More than one Anne Arundel County school could wind up on the state's list for potential takeover unless local officials can retain a federal program or find a way to make up for the lost money, educators warn.
At issue is the shrinking Title I program, which provides money for extra teachers, assistants and specialists as well as teacher training and materials in schools with the poorest students. In Anne Arundel, 11 elementary schools share $3.8 million in Title I funds.
But that figure could shrink by as much as $1 million next year, forcing school officials to eliminate some schools from the program, depending on how the federal budget shakes out. Two schools were cut from the program last summer after Congress trimmed the sum the county was getting by $700,000.
Gregory V. Nourse, chief financial officer for the school system, said he expects to have to cut three more schools from the program.
Often, the students in those schools are "the kinds of kids who do not have parents at home who read with them, go over their homework, help them," said Donald Smith, administrator of the Association of Educational Leaders, the principals union. "They are the ones that need that extra program."
He warned that devoting fewer resources to the neediest children is likely to result in learning problems for them and lower standardized test scores.
Two weeks ago, the state ordered an overhaul of Van Bokkelen Elementary School in Severn -- where nine in 10 students live in poverty -- because its low Maryland School Performance Assessment Program (MSPAP) scores dropped further. Because of its poverty rate, Van Bokkelen is not in danger of losing Title I standing. But other schools, which have fewer low-income students, may see their Title I money evaporate.
It would be difficult for those schools to overcome the loss of "these additional resources," said Starr Whiten, the county's Title I coordinator.

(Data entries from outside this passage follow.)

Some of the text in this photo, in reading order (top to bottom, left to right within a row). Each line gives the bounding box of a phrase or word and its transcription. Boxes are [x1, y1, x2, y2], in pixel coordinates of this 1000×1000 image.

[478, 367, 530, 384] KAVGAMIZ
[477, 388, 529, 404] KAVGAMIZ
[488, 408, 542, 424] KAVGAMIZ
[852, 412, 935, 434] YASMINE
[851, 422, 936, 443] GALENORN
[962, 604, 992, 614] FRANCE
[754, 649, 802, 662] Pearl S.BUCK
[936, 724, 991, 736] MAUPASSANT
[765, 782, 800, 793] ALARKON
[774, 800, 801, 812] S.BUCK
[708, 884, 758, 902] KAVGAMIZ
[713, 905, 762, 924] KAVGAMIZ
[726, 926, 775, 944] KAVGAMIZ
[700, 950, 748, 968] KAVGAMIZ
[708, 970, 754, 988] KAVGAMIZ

Rolling Knolls Elementary outside Annapolis is at risk of losing the money because it has fewer low-income children than all but two of the county's other Title I schools. With MSPAP making across-the-board assessments of schools, the importance of extra teachers to cut class size, teaching assistants to go over assignments and reading specialists is magnified, said Linda C. Unklesbee, principal of Rolling Knolls.

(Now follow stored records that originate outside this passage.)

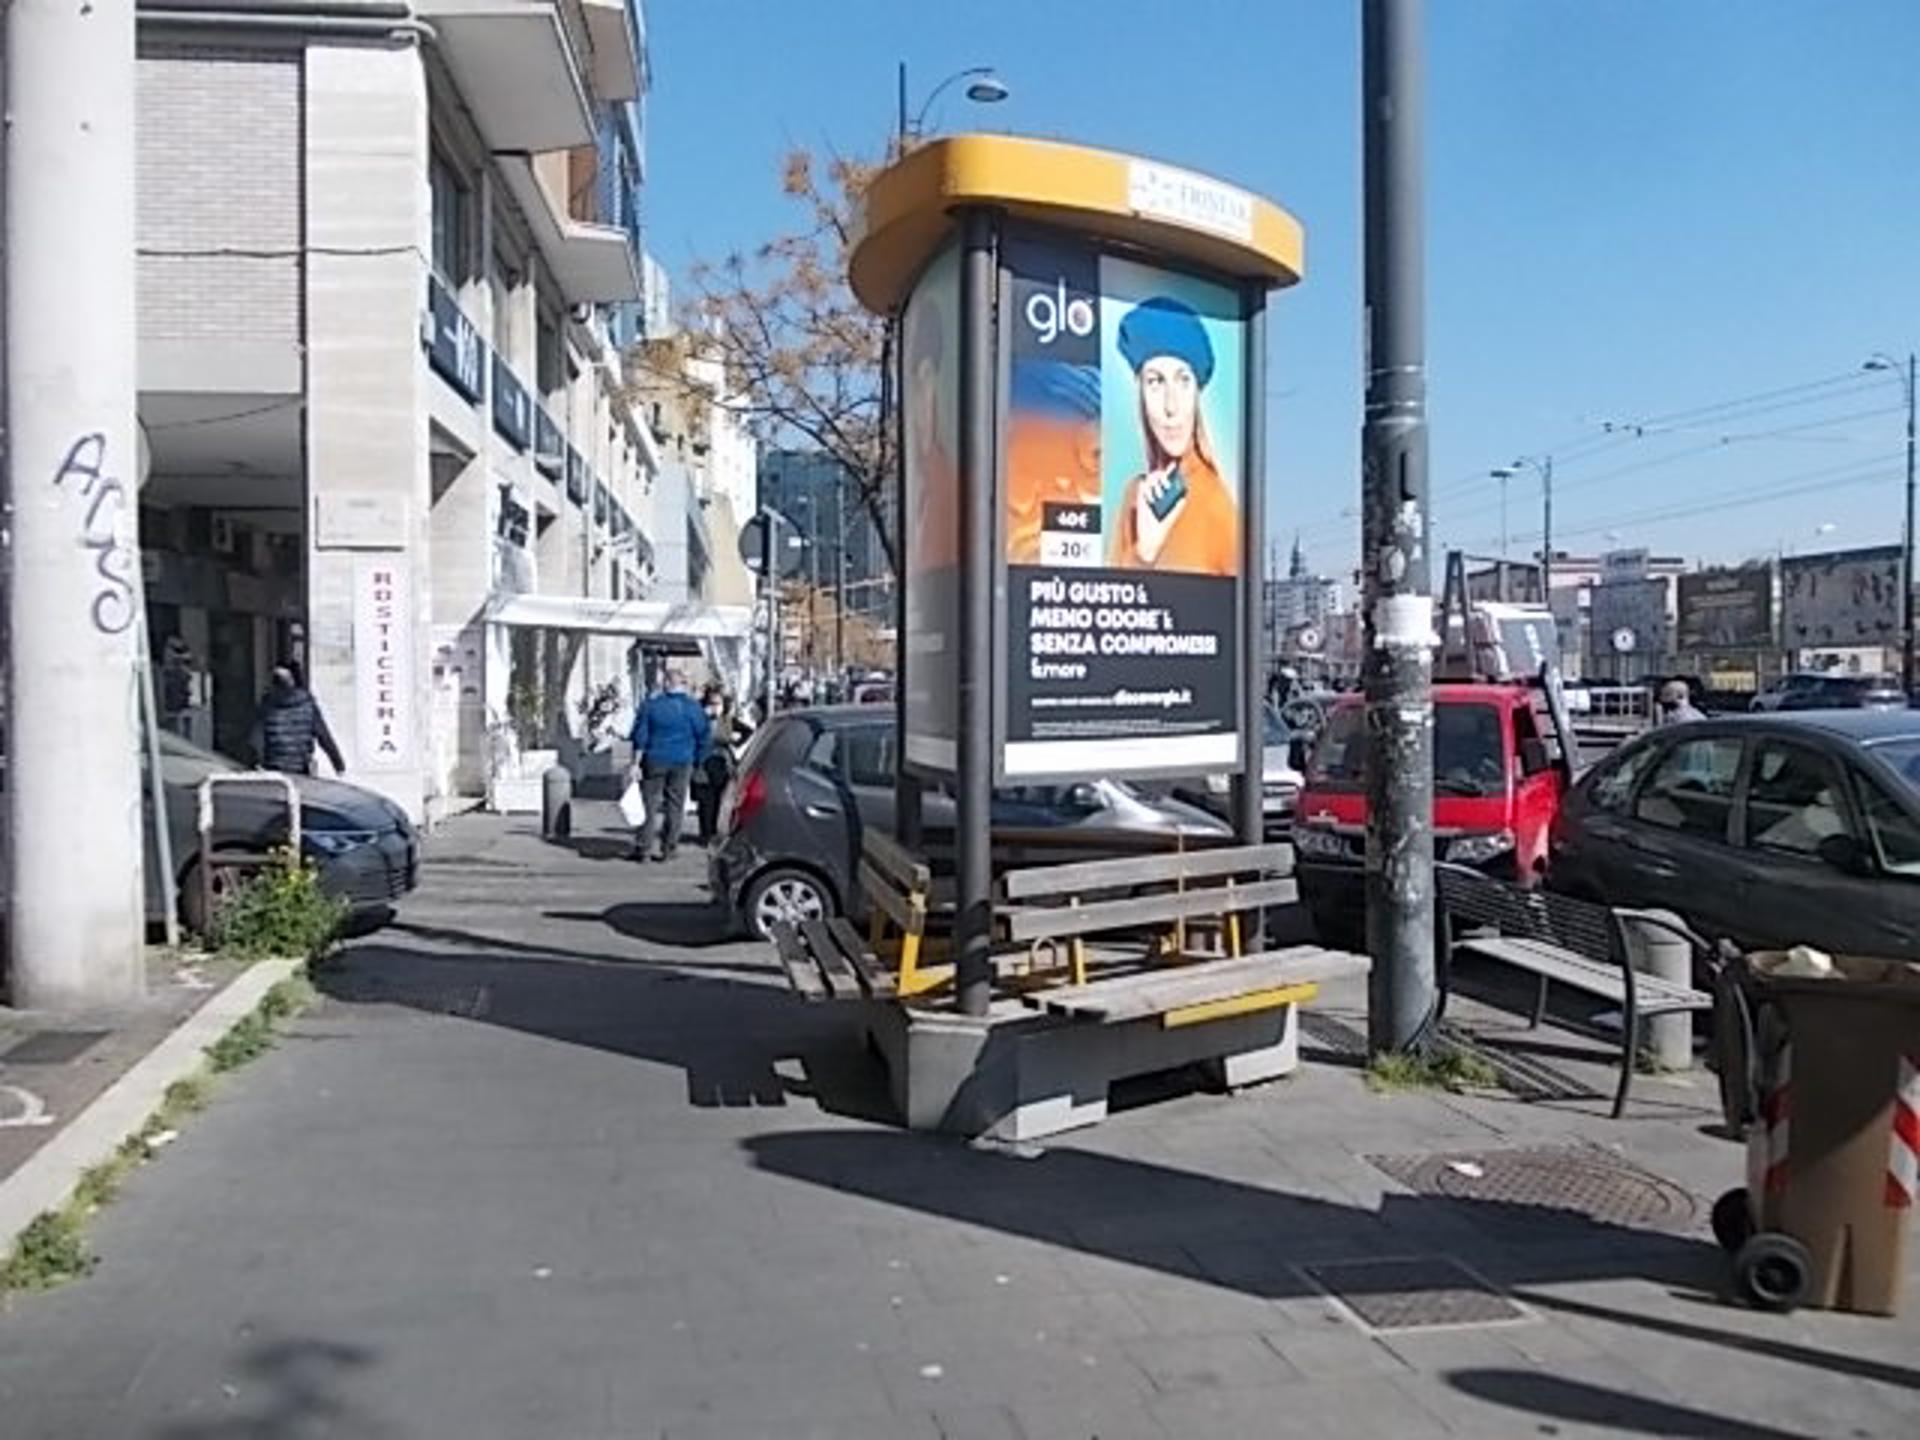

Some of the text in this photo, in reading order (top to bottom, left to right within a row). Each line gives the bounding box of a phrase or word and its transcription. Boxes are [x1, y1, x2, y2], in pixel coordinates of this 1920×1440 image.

[1030, 575, 1066, 602] PIÙ
[1069, 581, 1136, 604] GUSTO
[1030, 607, 1093, 629] MENO
[1096, 609, 1160, 630] ODORE
[1030, 632, 1098, 654] SENZA
[373, 571, 398, 755] ROSTICCERIA

Mrs. Unklesbee said her latest review of first-graders' papers proved to her that the extra attention the children receive from Title I faculty pays off.
"They just did a beautiful job," she said Friday. "I just don't know that they would have done as well. We deal with some needy children in this area."
Whether Rolling Knolls retains its extra teachers and hands-on science program for the coming academic year probably will not be known until this school year is nearly over.
The $427.5 million budget proposed by Superintendent Carol S. Parham does not include a request for money to pay for as many as 50 Title I jobs that could be lost. School board members, saying the budget is tight, have said they want the federal government to continue to pay.
But congressional Republicans question the effectiveness of the program and claim that $489 million in Title I funds went in fiscal 1994 to wealthier counties where per-capita incomes ranged from $24,000 to $49,000 a year. Anne Arundel's average household income is just more than $50,000.
"Too many funds have flowed to wealthy communities and school systems that can afford to take care of themselves, draining what is available for the most needy," Rep. William Goodling, a Pennsylvania Republican who is chairman of the House Economic and Educational Opportunities Committee, said in a statement.
John Kurpjuweit, president of the Teachers Association of Anne Arundel County, said parents and teachers could lobby local school boards to pick up the cost. "But if they lobby here, what are they going to lobby to do away with?" he asked.
Nancy Mann, director of instruction, said the school system tries to bring other programs to schools that either lose Title I money or just miss getting some. In the last two years, Hilltop and Marley elementaries lost their Title I dollars. Hilltop was selected for another, though smaller, grant and Marley was "adopted" by the Maryland Business Roundtable, Ms. Mann said.
"No, it's not the same," she said. "These schools, they lose so much in services."